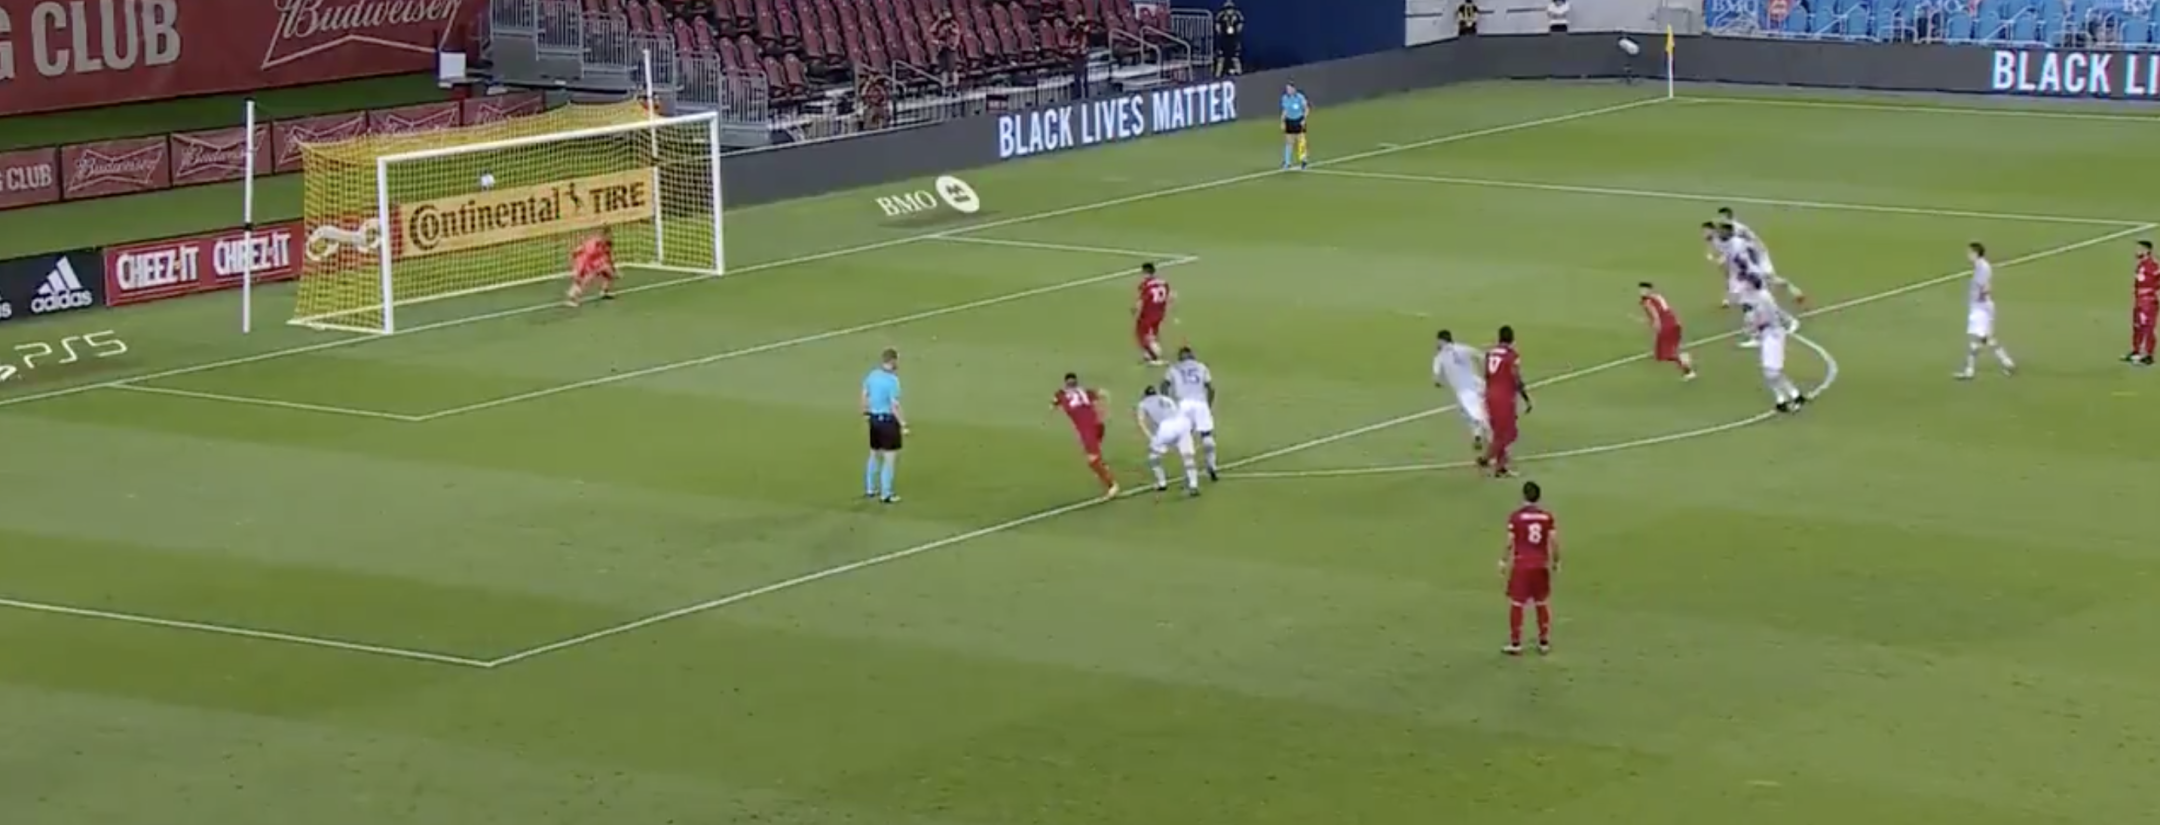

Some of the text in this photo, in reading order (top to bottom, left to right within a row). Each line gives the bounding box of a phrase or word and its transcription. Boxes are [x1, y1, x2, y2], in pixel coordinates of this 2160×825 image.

[31, 0, 181, 77] CLUB
[1992, 50, 2113, 94] BLACK
[999, 81, 1236, 158] BLACK LIVES MATTER
[6, 163, 52, 191] CLUB
[408, 181, 646, 251] Continental TIRE
[875, 189, 937, 217] BMO
[115, 245, 199, 291] CHEEZ-IT
[31, 287, 92, 313] adidas
[13, 330, 128, 369] PS5
[1528, 522, 1542, 544] 8

-*-

→ Exercise
Reproduce all lines above exactly. Leave the images out.

→ Response below
Some of the text in this photo, in reading order (top to bottom, left to right within a row). Each line gives the bounding box of a phrase or word and its transcription. Boxes are [x1, y1, x2, y2], in pixel coordinates of this 2160×825 image.

[31, 0, 181, 77] CLUB
[1992, 50, 2113, 94] BLACK
[999, 81, 1236, 158] BLACK LIVES MATTER
[6, 163, 52, 191] CLUB
[408, 181, 646, 251] Continental TIRE
[875, 189, 937, 217] BMO
[115, 245, 199, 291] CHEEZ-IT
[31, 287, 92, 313] adidas
[13, 330, 128, 369] PS5
[1528, 522, 1542, 544] 8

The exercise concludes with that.